Sommige politieke commentatoren menen echter dat het minder erg is wanneer weefsel uit winstbejag wordt verkocht aan regeringsinstellingen of andere bureaucratische instellingen, dan wanneer het op de vrije markt aan privéhandelaren wordt verkocht. Andere, meer theoretisch ingestelde auteurs, onder wie Jacques Derrida, bespotten de hele idee van ‘geven’, en ‘deconstrueren’ deze helemaal. Ik ben het met beide benaderingen niet eens.

Zoals antropologen algemeen erkennen, vereist een gift een retourgift. Voor de gever heeft geven altijd met wederkerigheid te maken, met iets terugkrijgen als tegenprestatie, zelfs als de wederkerige bevrediging een filantropisch gevoel is iets aan het algemeen welzijn te hebben bijgedragen. De ene kant kan niet onbeperkt doorgaan met geven wanneer het botweg als vanzelfsprekend wordt beschouwd.

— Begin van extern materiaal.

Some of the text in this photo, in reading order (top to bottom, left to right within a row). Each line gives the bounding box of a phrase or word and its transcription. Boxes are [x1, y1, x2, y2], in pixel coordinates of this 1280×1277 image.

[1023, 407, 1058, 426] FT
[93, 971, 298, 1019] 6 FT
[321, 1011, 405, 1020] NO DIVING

Een werkelijke relatie van geven legt de ontvanger een verantwoordelijkheid op. Voordat we concessies doen aan de roep dat de verkoop van eicellen voor onderzoek of ivf moet worden toegestaan omdat donoren in toenemende mate bereid zijn die te geven, zouden we moeten proberen aan die vrouwen die hun weefsel geven in plaats van te verkopen, het respect en de zeggenschap te geven die zij verdienen. Er is enig goed nieuws van dit front: er is al sprake van enkele nieuwe modellen van zeggenschap voor donoren.

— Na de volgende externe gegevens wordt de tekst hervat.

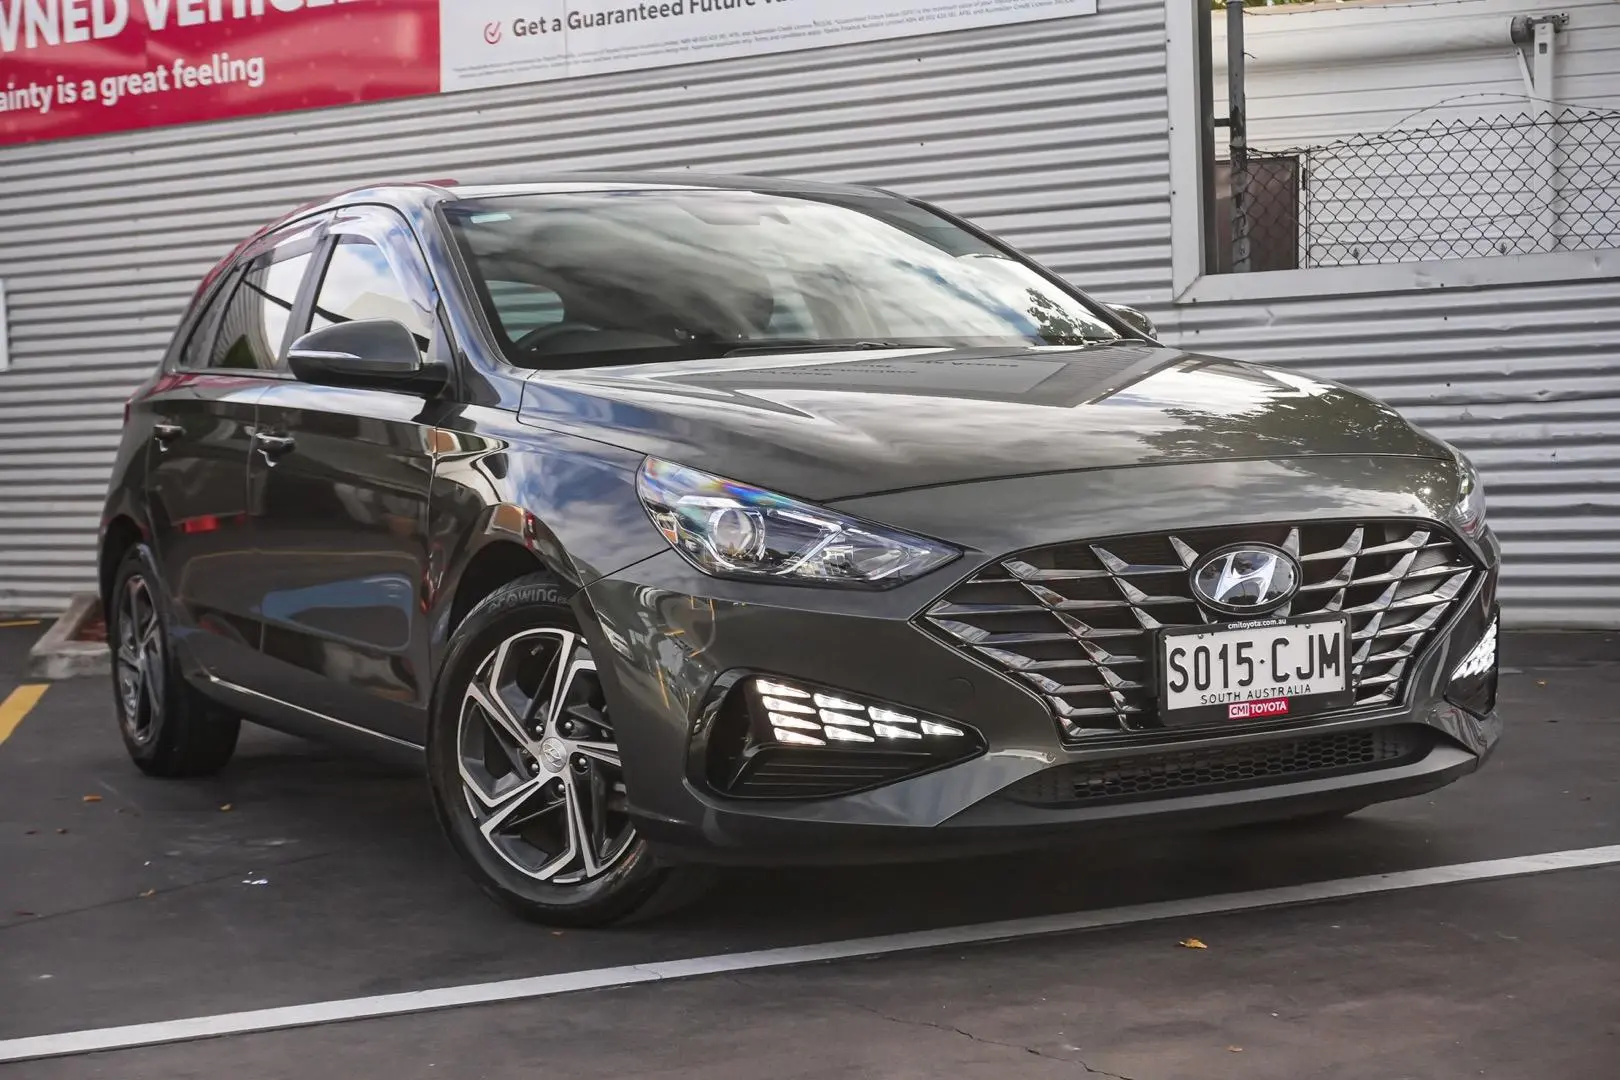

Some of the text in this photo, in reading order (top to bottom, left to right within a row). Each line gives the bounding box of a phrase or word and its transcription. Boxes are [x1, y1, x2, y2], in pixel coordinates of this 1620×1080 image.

[512, 16, 547, 37] Get
[551, 17, 562, 32] a
[567, 0, 683, 30] Guaranteed
[56, 75, 77, 105] is
[81, 79, 97, 102] a
[100, 64, 171, 106] great
[172, 52, 266, 88] feeling
[1227, 618, 1287, 630] cmitoyota.com.au
[1200, 683, 1312, 705] SOUTH AUSTRALIA
[1250, 700, 1288, 714] TOYOTA

Zo wordt de ‘voorwaardelijke gift’-benadering op sommige plaatsen al uitgeprobeerd. Dit model staat donoren toe voorwaarden aan hun schenking te stellen – bijvoorbeeld dat deze niet wordt gebruikt voor onbeduidende doelen, zoals het ontwikkelen van cosmetica, of om winst mee te maken. Waarom niet? Schenkingen aan universiteiten om bepaalde voorzieningen mogelijk te maken, of testamenten waarin aan de begunstigden voorwaarden worden gesteld, zijn ingeburgerde voorbeelden van voorwaardelijke giften.

Nog een mogelijkheid is het gezamenlijk patenteren van succesvolle ontdekkingen door patiënten en onderzoekers, waarbij de winst terugvloeit in verder onderzoek, veeleer dan in de zakken van de begunstigers van het onderzoek of van biotechnische ondernemingen. En dan is er nog het model van liefdadige instellingen, waarin de belangen van de donoren worden beschermd door een gekozen raad van gevolmachtigden die geen financieel belang hebben bij de resultaten. Dit model is ook al geschetst in het invloedrijke New England Journal of Medicine. Net zoals de andere mogelijkheden is het veel meer dan enkel ‘theoretisch’. Het biedt een praktische manier om te voorkomen dat eicellen en andere weefsels ongebreideld tot handelswaar worden gemaakt.

Meer kenmerkend is tegenwoordig echter dat de taal van de gift wordt gebruikt als camouflage, zoals wanneer formulieren waarin toestemming wordt verleend bepalen dat de donor geen deel in de winst zal hebben wanneer zij eenmaal toestemming en weefsel heeft gegeven. Onderzoekers, biotechnische ondernemingen en financiers zijn zeker niet van mening dat de verhouding tussen gever en ontvanger niet relevant is; zij doen hun uiterste best het geloof van de donor in die verhouding te bevorderen, ook al is de giftverhouding een eenzijdige. Wat in werkelijkheid sjacheren of verkoop van eicellen is wordt eufemistisch ‘donatie’ genoemd door de kopers, om in te spelen op het altruïsme van vrouwen. En een eenzijdige giftverhouding staat beter bekend als uitbuiting.

(Vertaling uit het Engels: Herman Simissen)

 

[1] In het Engels ‘somatic cell nuclear transfer’, gewoonlijk afgekort tot SCNT (noot van de vertaler).